* **Items from a data source**:

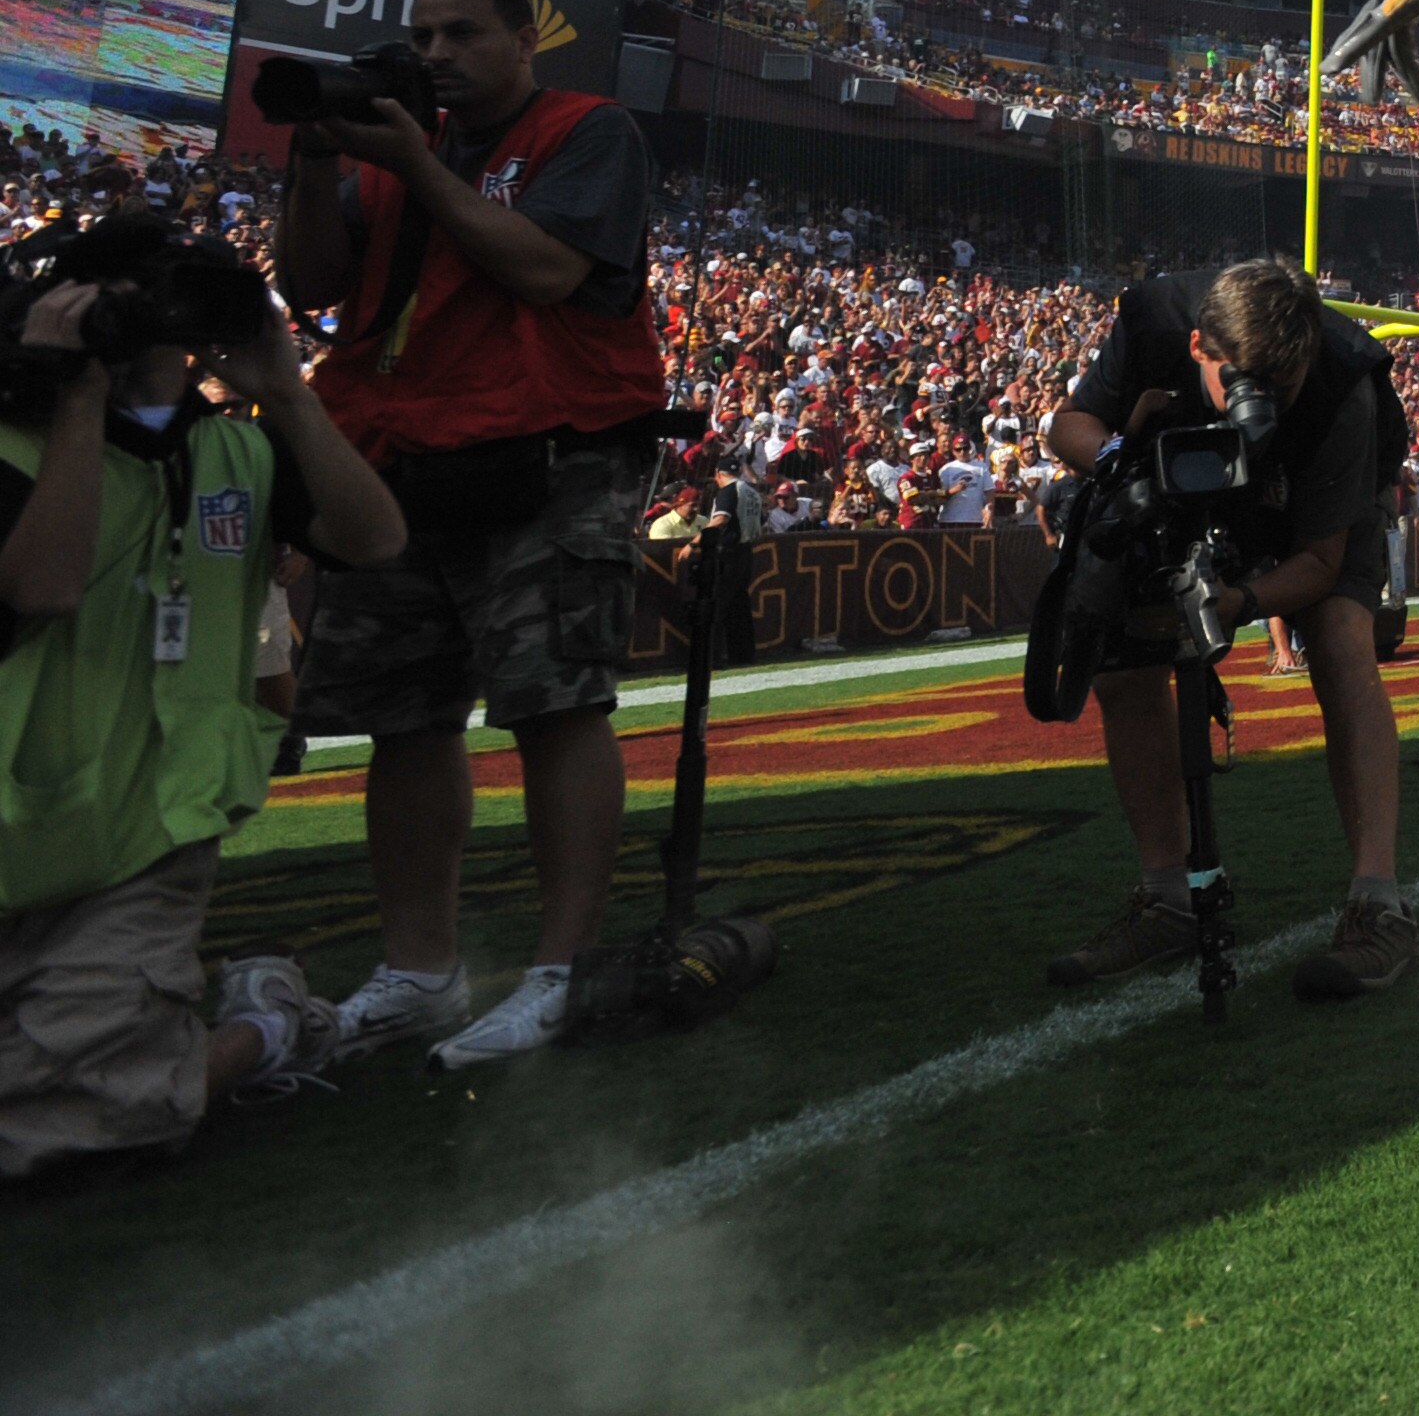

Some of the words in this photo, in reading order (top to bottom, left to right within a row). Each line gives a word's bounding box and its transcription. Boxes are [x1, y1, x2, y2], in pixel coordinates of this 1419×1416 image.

[1166, 136, 1263, 170] REDSKINS
[1274, 151, 1349, 178] LEGCY
[206, 513, 245, 549] NF
[680, 956, 718, 986] Nikon
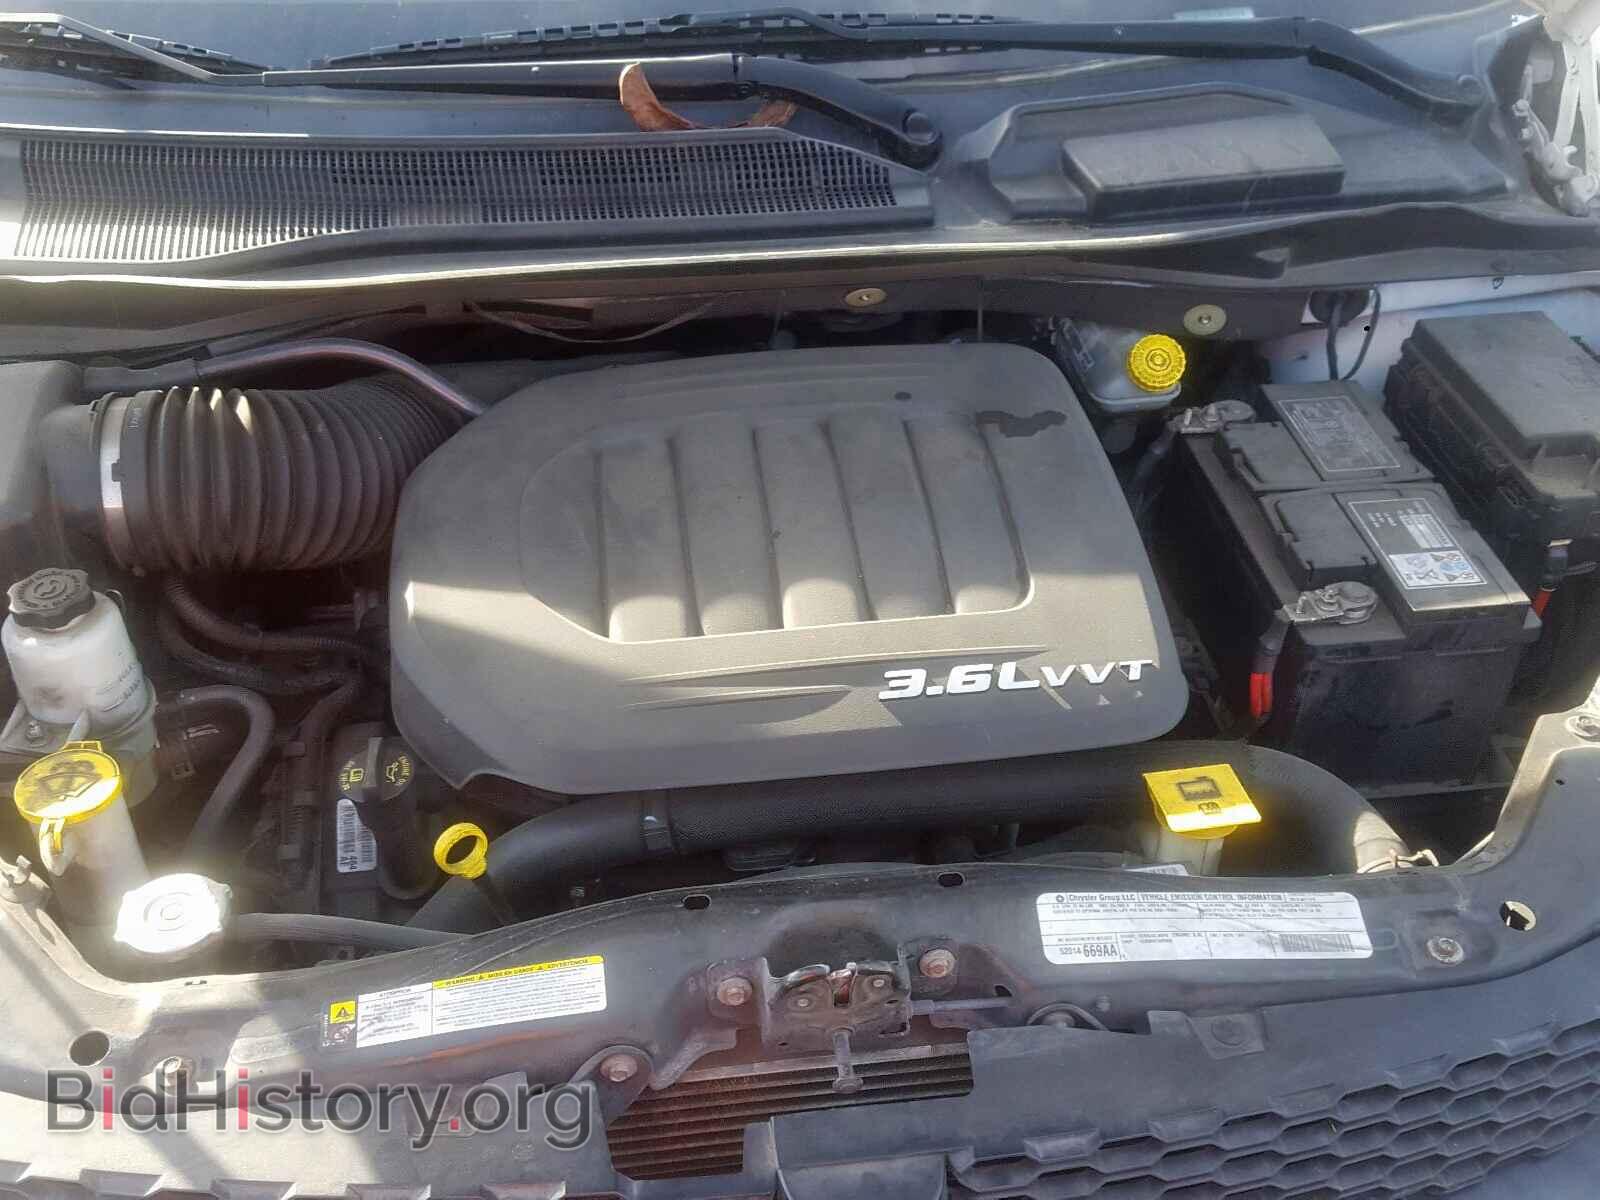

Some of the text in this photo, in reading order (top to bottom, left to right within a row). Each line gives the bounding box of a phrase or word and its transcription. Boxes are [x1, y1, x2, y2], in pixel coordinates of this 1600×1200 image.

[879, 659, 1153, 700] 3.6L VVT
[1068, 894, 1097, 903] Chrysler
[1099, 894, 1122, 903] Group
[1141, 894, 1169, 902] VEHICLE
[1237, 893, 1283, 901] INFORMATION
[1083, 944, 1118, 958] 669AA
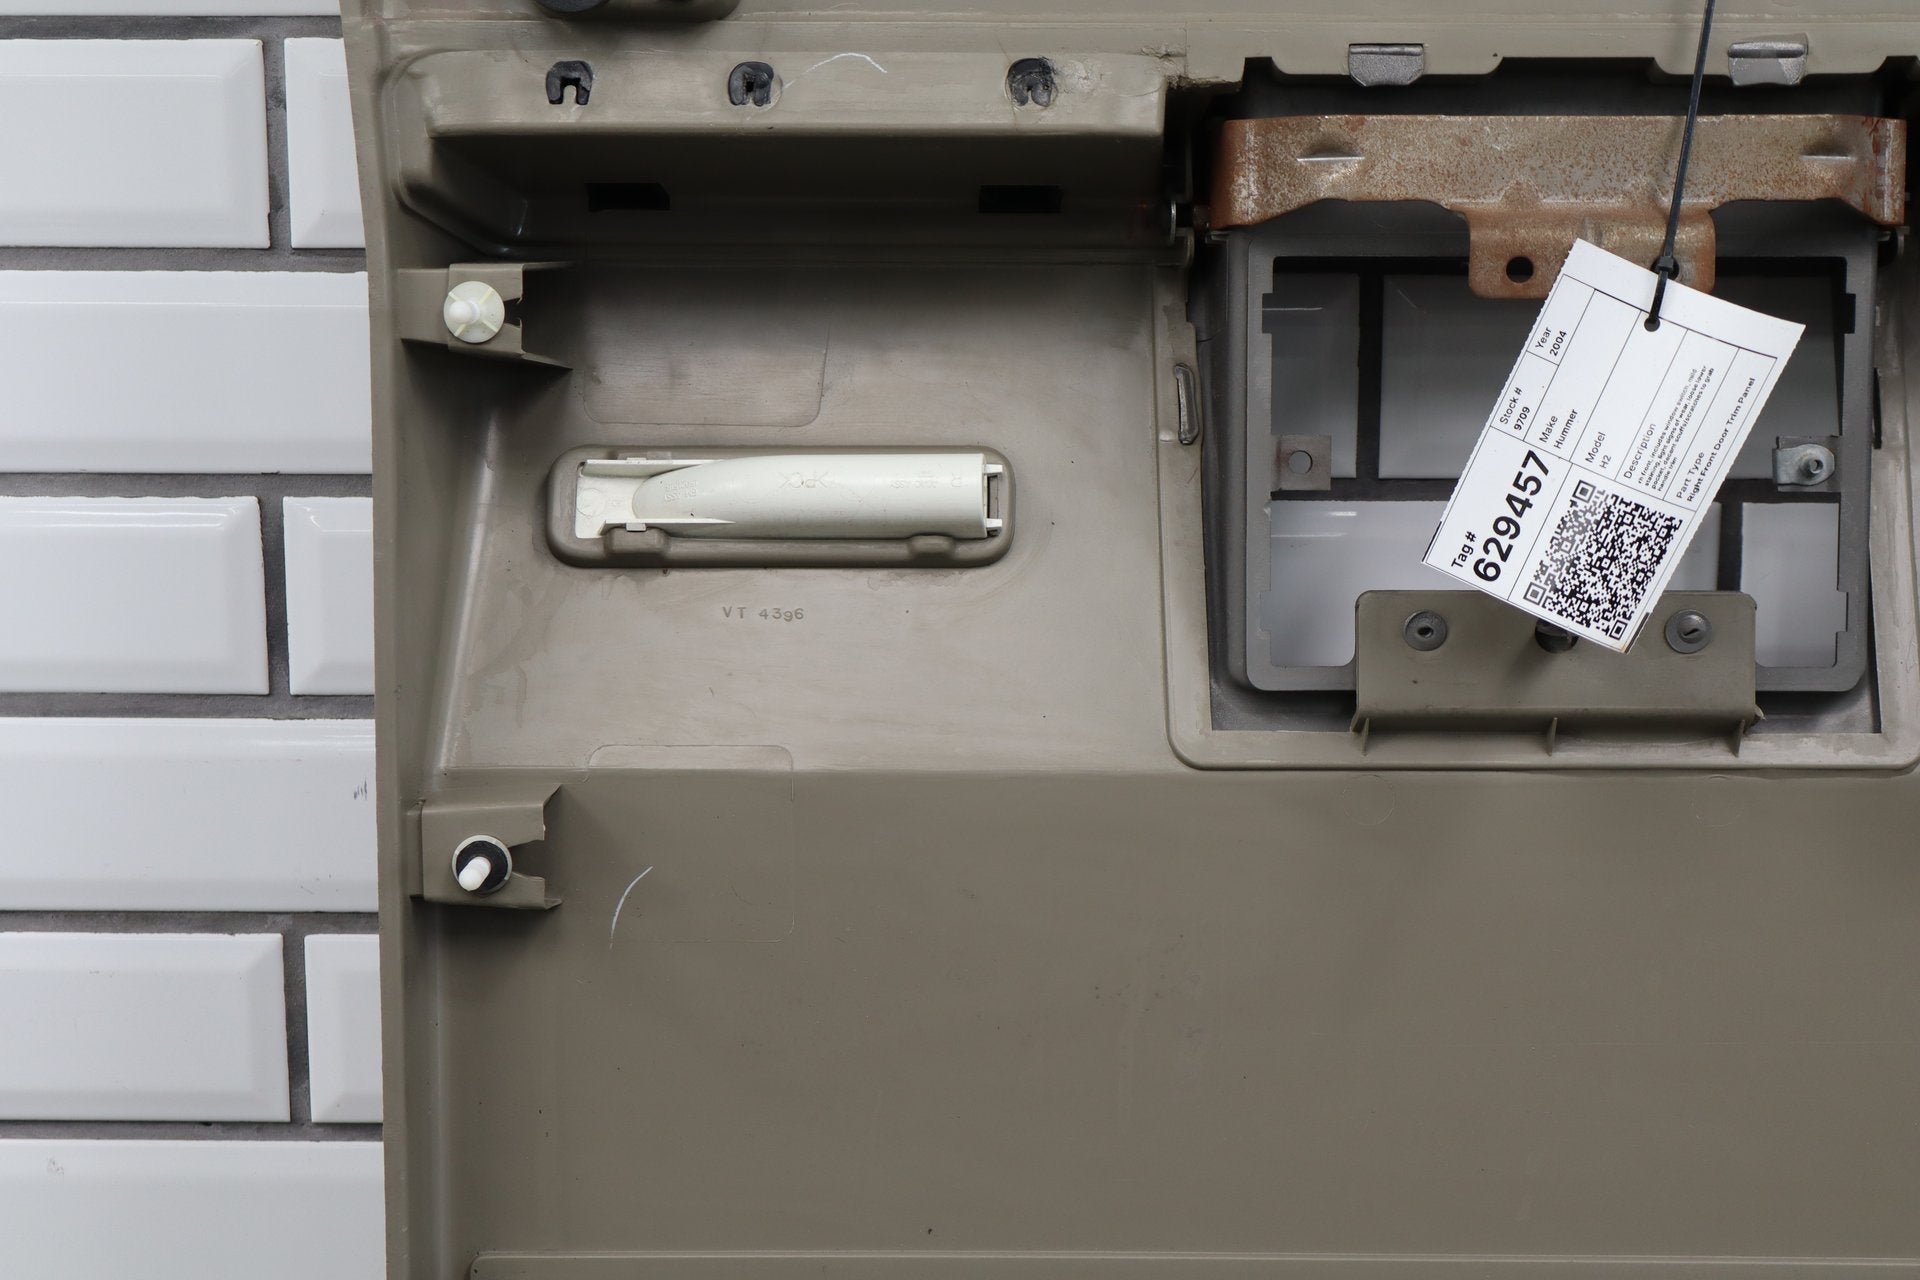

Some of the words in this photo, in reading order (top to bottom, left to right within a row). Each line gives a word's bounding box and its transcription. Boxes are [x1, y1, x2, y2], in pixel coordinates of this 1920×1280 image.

* **How to complete this task**:
Every record must be duplicated exactly, except for the pictures, which are left out.

* **Answer for the task**:
Some of the words in this photo, in reading order (top to bottom, left to right within a row). Each line gives a word's bounding box and its transcription. Boxes are [x1, y1, x2, y2], in pixel coordinates of this 1419×1416 image.

[1166, 136, 1263, 170] REDSKINS
[1274, 151, 1349, 178] LEGCY
[206, 513, 245, 549] NF
[680, 956, 718, 986] Nikon

Some of the text in this photo, in reading order (top to bottom, left to right within a row). Each line gives the bounding box of a phrase or word and its transcription. Boxes are [x1, y1, x2, y2], in pixel coordinates of this 1600×1200 image.

[879, 659, 1153, 700] 3.6L VVT
[1068, 894, 1097, 903] Chrysler
[1099, 894, 1122, 903] Group
[1141, 894, 1169, 902] VEHICLE
[1237, 893, 1283, 901] INFORMATION
[1083, 944, 1118, 958] 669AA

Some of the words in this photo, in reading order (top to bottom, left to right within a row). Each line gives a word's bounding box and its transcription. Boxes are [x1, y1, x2, y2], in pixel coordinates of this 1920×1280 image.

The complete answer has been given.